What It Means to "Trust the Process"
Not the political process, but the process of creating and preserving knowledge
I’ve been thinking a lot about the phrase “Trust the Process.”
Basketball fans recognize it as the motto of the Philadelphia 76ers. Great congruity, right? A team named for the founding date of American democracy is the sports world’s champion of “process.”
And that’s certainly one reason why I keep hearing these words echoing in my head.
We just watched the democratic process at work again. And it did work, in its way. The people chose their government, fairish and squarish (setting aside, for the moment, the multitude of ways in which minority votes are routinely suppressed). And those of us who did not get the government we want have to go back to the drawing board—or, perhaps, to a blank slate.
But that’s only one particular process, and a narrow one at that.
Today I’m interested in a bigger-picture process.
The phrase “Trust the Process” originally referred to the need for commitment and persistence over immediate gratification. In sports, not politics.
In its original context, the phrase was a reminder, to a basketball team, that it could not cut corners and still win a championship. It was a reminder that the entire team had to make tough decisions, and stay disciplined, and do a million boring and potentially unpopular things, and do them all well, and stick to the plan in the face of adversity, before it achieved its ultimate goal.
That’s The Process.
In a lot of ways, that process has been my life.
It was my life when I played basketball as a kid and spent hours alone in my backyard, dribbling around lawn chairs. It was my life as a scholar when I was wandering the bowels of Boston’s libraries, searching for rare books about obscure, nineteenth-century American philosophers—books no one but me had ever read before. (I mean this literally. I used to carry a penknife with me, so I could cut the brittle pages open for the first time.)
And it is my life as a writer now.
Sexy, huh?
There are no shortcuts between a blank screen and this little blog post. I have to do my research, and think through every word, and type every letter and punctuation mark, and rewrite, and edit…every step a little bit of drudgery, and a little discovery too.
Science works this way too, as big discoveries follow hundreds of hours of mind-numbing detail- and precision-work, and false starts, and testing, and debate among dozens of individual researchers, and peer review, and lots of trial and error. We call it “the scientific method.”
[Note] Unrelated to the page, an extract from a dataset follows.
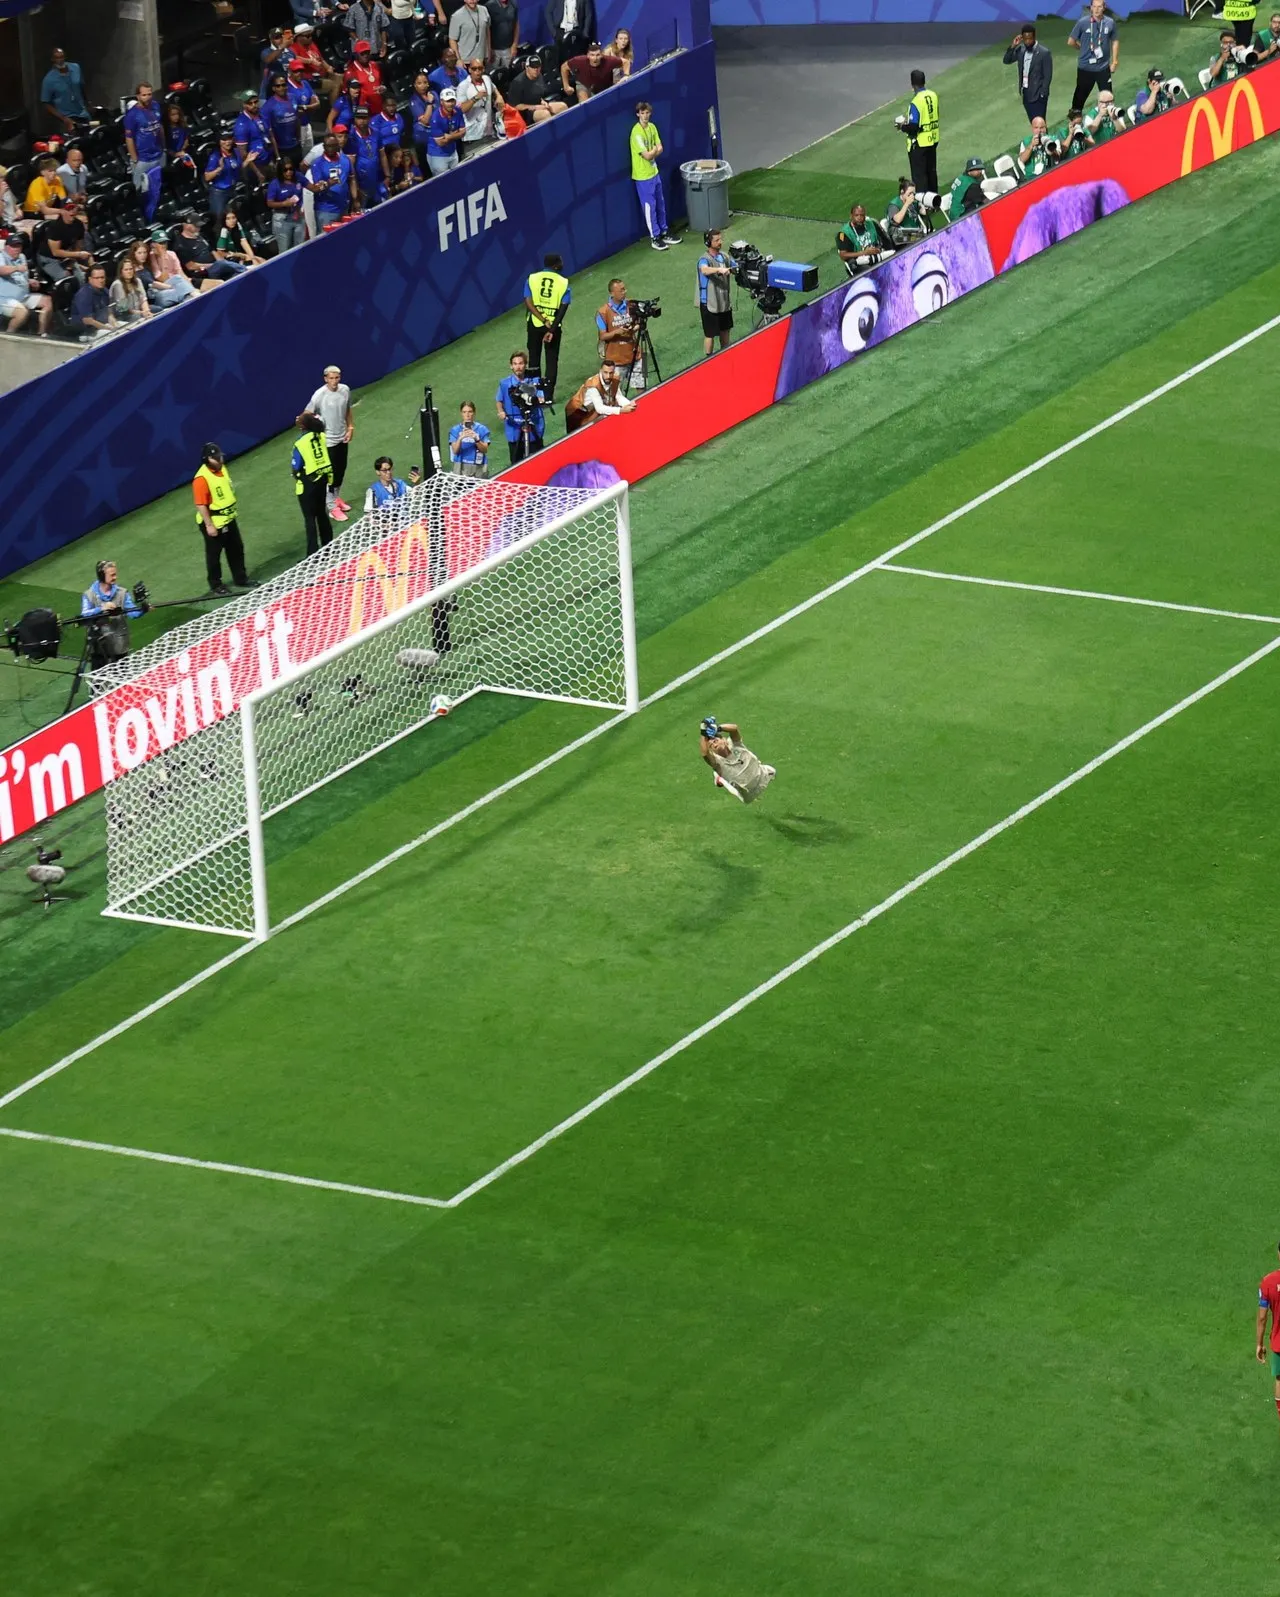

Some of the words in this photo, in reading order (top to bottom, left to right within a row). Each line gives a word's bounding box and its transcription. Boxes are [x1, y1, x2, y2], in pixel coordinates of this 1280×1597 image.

[437, 181, 508, 253] FIFA
[0, 742, 86, 842] i'm
[93, 627, 242, 784] lovin'
[254, 609, 294, 690] it
In fact, all knowledge is method. All knowledge is never-ending process. Not just “elite” knowledge but all knowledge and every trade.
The only people who experience anything like immediate gratification in this world are the ones wealthy enough to buy it. (And even they can’t buy their own skills, or abilities, or discipline, or facts, or their own ideas.)
Everyone else grinds.
If you observe The Process—any process—in the middle of the grind, it can seem absurd.
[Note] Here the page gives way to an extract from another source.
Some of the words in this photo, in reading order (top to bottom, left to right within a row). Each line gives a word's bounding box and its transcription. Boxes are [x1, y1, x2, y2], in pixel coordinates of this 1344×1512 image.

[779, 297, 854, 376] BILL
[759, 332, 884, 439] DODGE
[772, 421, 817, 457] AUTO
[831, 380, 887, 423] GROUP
You might see a basketball player miss dozens of shots as she adjusts her shooting form.
Or a writer obsess over a single sentence for an entire afternoon, only to realize that the idea it expresses is a tired cliché.
Or a scientist in a laboratory studying the digestive habits of the banana slug, looking for a single clue to some heretofore hidden phenomenon that may or may not be a key to a future medical discovery. (I may have made up that example…but I don’t think so.)
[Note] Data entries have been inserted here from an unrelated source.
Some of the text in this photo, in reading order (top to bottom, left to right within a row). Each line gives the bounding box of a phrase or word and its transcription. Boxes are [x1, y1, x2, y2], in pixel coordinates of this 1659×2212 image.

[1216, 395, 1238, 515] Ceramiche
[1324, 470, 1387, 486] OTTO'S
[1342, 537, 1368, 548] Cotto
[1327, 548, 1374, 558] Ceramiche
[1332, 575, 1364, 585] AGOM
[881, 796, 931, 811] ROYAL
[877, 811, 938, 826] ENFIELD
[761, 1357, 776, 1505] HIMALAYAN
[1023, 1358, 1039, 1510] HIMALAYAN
Each of these things, if we trust the process, can be a step toward progress.
Now…I’m not suggesting that we should have infinite patience with every process. We should have NO patience when people are sick and suffering and wounded and dying, for example.
And I’m not sitting on my hands, patiently waiting to see if the winners of this year’s election will govern equitably. I don’t trust them, or our political process, or corporate power, enough for that. I’m already trying to preserve what should not be lost—like The Process.
But nothing of value comes easily.
Knowledge and expertise are not acquired with corporate efficiency. (Hell. Corporate knowledge and expertise are not acquired with corporate efficiency.)
And we should have a little humility when judging good people in the middle of their process, especially if we don’t have the experience required to understand every step.
Again, I’m not saying we always need to stay in our lanes. Good citizens should have strong opinions and a breadth of knowledge, and a healthy democracy is a forum for nonviolent conflict.
I am saying, however, that we should always question our own motives first—We’re so quick to ridicule what we don’t understand!—and our opinions should be as well-informed as we can make them.
All of us should be accountable for the work we do. But it’s lazy and irresponsible and self-defeating to condemn good people in the middle of their process…as too many politicians do when they don’t like what the experts tell them, or when they’re looking to score cheap points with an angry electorate.
Impatience and impulsivity are features of childhood. And the demonization of expertise is a feature of fascism. And the combination of the two—childish fascism—can destroy everything we’ve achieved in this country, if we’re not careful.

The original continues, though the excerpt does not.